Setting up Cassandra in the Cloud

If you have done work to optimize your Cassandra install in the cloud, please take a moment to contribute some of that knowledge to this page

Amazon Web Services (AWS/EC2)

  • There is an ec2snitch to make Cassandra rack-aware in the ec2 cloud.
  • Chef install for Cassandra, including ec2snitch setup, or the cluster_chef framework (which includes commands to launch and provision a full cluster)
  • The steps listed below only require an AWS EC2 account and do not utilize the ec2snitch.

Optimizing Volume Performance for a Transient Cluster

Depending on node size, and on how many EBS volumes are attached, most EC2 nodes will have many independent attached volumes.

  • How should the Cassandra config be modified to take advantage of multiple attached volumes?
  • What are the tradeoffs for EBS vs local drives as backing store for a persistent cluster?

Cloud clusters are often transient: when all jobs are finished, the nodes are terminated.

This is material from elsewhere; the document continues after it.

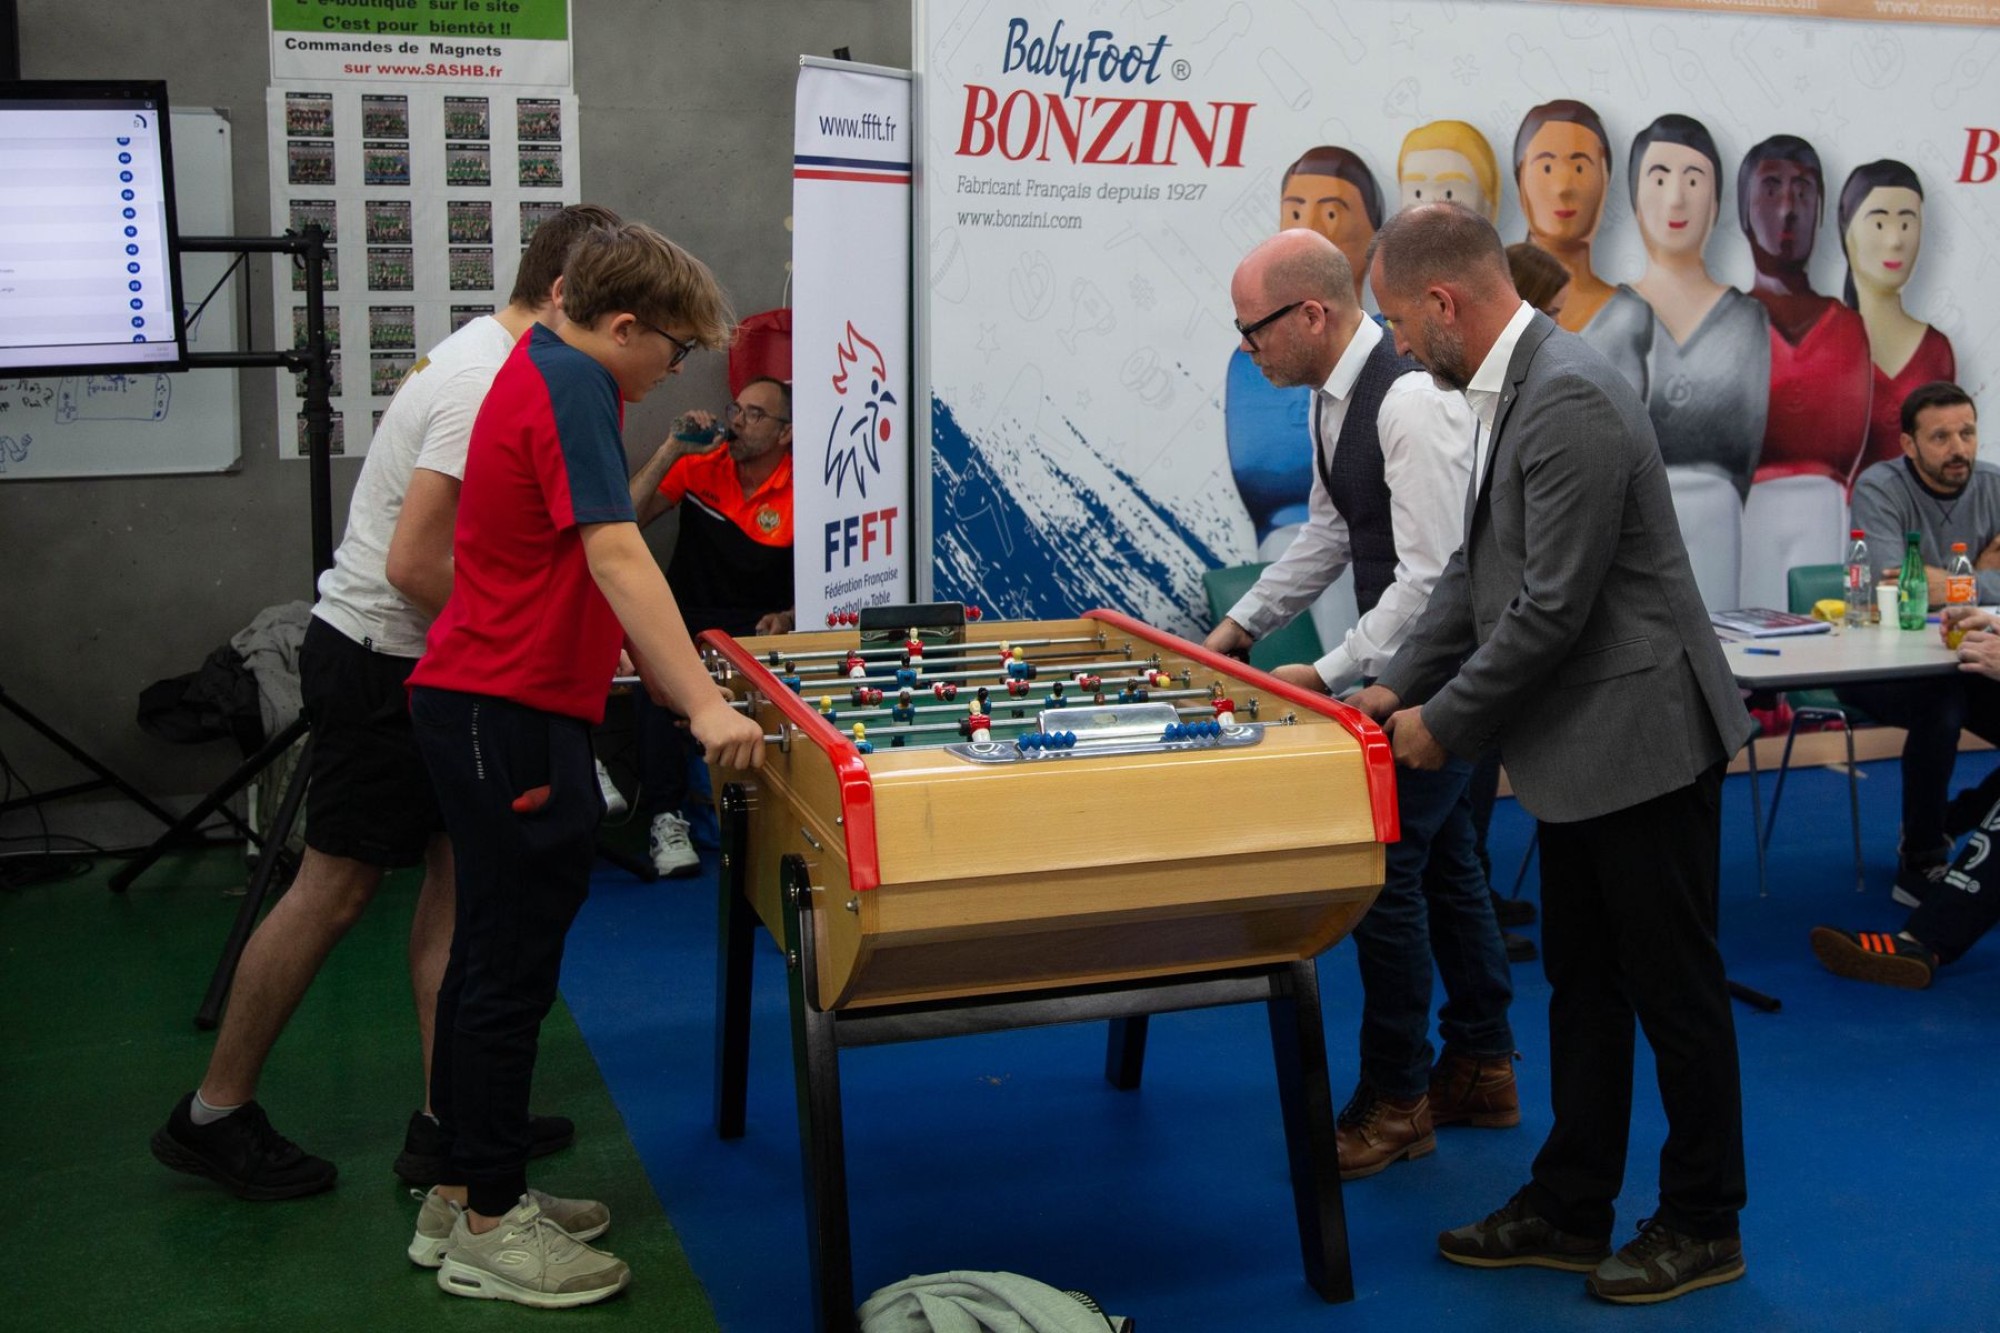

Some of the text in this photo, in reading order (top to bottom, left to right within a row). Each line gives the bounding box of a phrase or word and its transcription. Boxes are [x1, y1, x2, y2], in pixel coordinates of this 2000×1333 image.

Any data held on EBS volumes will remain until next restart, and any data on the local scratch disks disappears forever. When the cluster restarts, each node will have a new ip addresses and identity.

  • For a non-persistent cluster, can Cassandra take advantage of the scratch disks (assume they are fast but could disappear at once across the whole cluster at any time)

Monitoring Cassandra in the Cloud

CloudKick offers an out-of-the-box solution for monitoring Cassandra in the cloud. See their Cassandra Checks page to learn how to use that service to monitor.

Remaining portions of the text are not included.